Thanks for the tip, Yvo.

[Source: KOMO TV]

The dealership in question sold the man a truck for the maximum price along with a ridiculously priced warranty as well as anything else they could add-on to the transaction, later bragging to other associates at the dealerhship about the deal. The man's truck was towed the following day, and when he called the dealership thinking it had been stolen, the salesman picked him up to take him to get his truck. While they were gone, the dealerships sales manager and five different dealership employees went to the man's apartment to steal the remaining $70K+. The sales manager and one other employee were the first two there and stole the cash, which they split and paid off personal credit cards, etc.

Oh, but they weren't finished yet. When the man's truck was towed again, he called Seattle Police and reported the missing truck as well as the disappearance of the $70K in cash. Realizing the man had mental problems, the police took him to a mental health facility in Seattle. He then called the dealership to be sure that the towing company wouldn't auction off his truck before he could pick it up. Another dealership employee then convinced the man to sell the truck to him for $1,200, and then involved several other dealership employees to help him legitimize the paperwork. That employee drove the truck as his own until the police unwound the scam.

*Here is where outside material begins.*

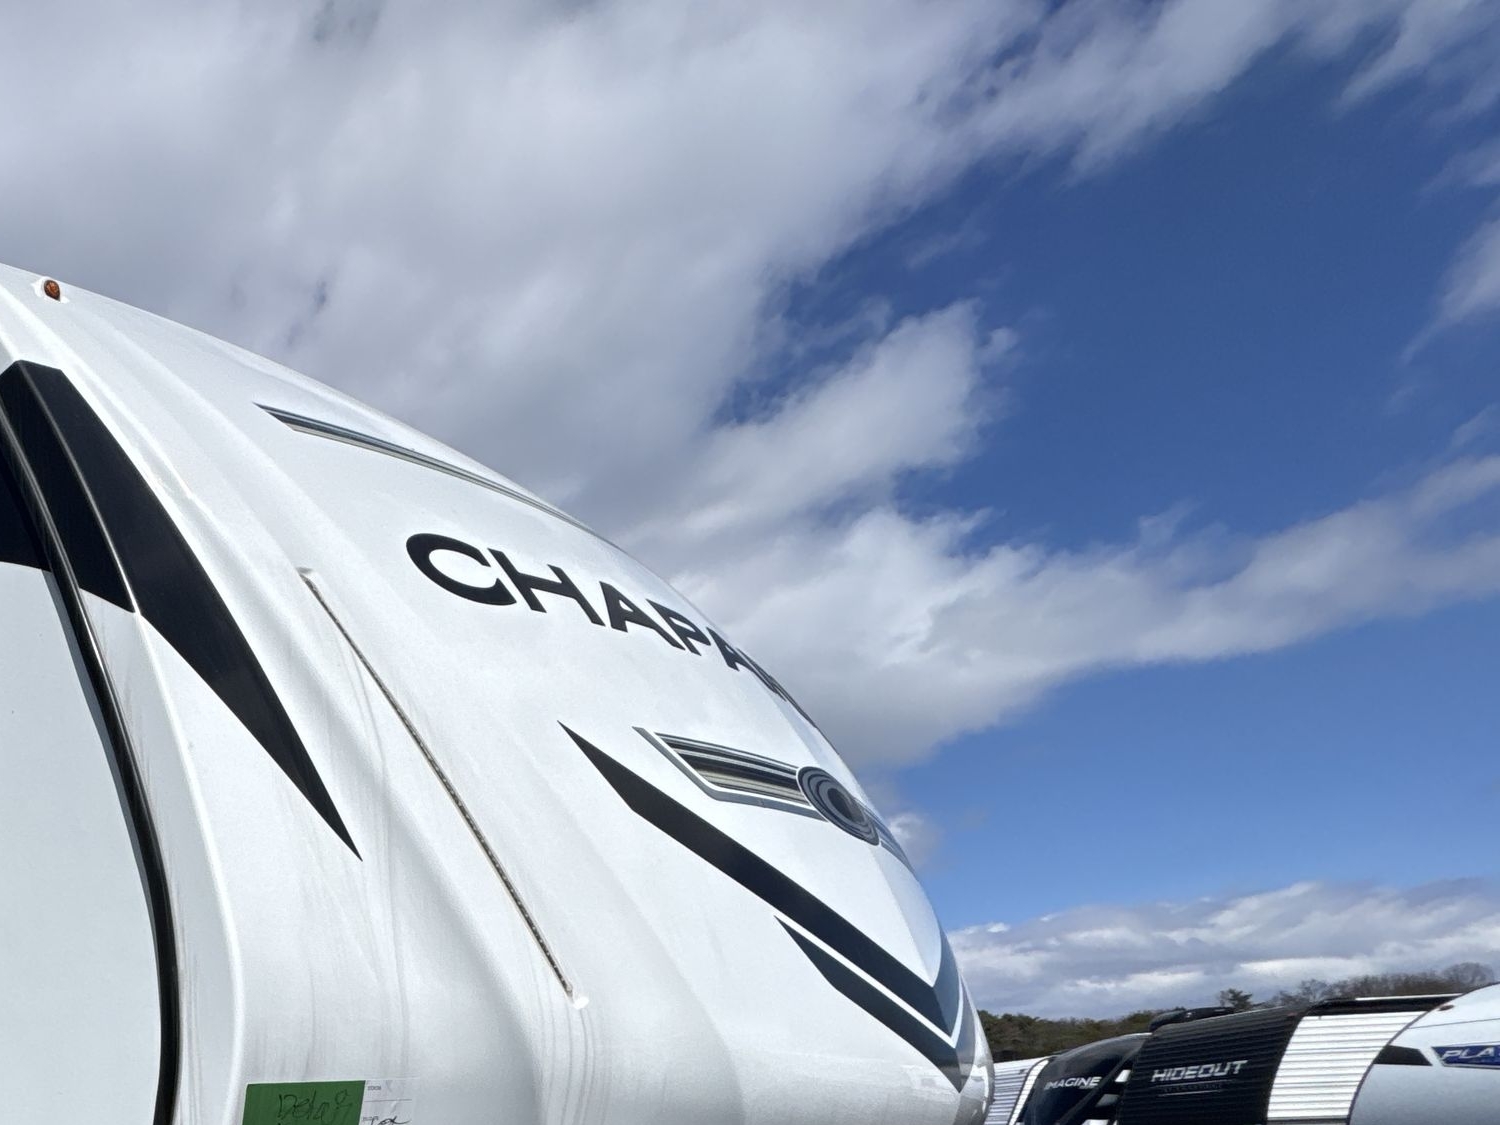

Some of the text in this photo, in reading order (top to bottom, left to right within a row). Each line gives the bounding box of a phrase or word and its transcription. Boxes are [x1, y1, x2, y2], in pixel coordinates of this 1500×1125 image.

All eleven of the dealership employees involved are currently under investigation and the dealership has been cooperating with the investigation. The dealership has also repaid the man $30,000, and the new owners, who were unaware of the pending litigation, have hired a completely new staff and will remove the previous dealership name from every aspect of the store.

Have any of you ever been a victim of a dealership scam? Or how about the opposite; a dealership that went over the top to be sure you were properly taken care of? Please don't mention any names of people or dealerships in the comments, but interesting anecdotes are always welcome.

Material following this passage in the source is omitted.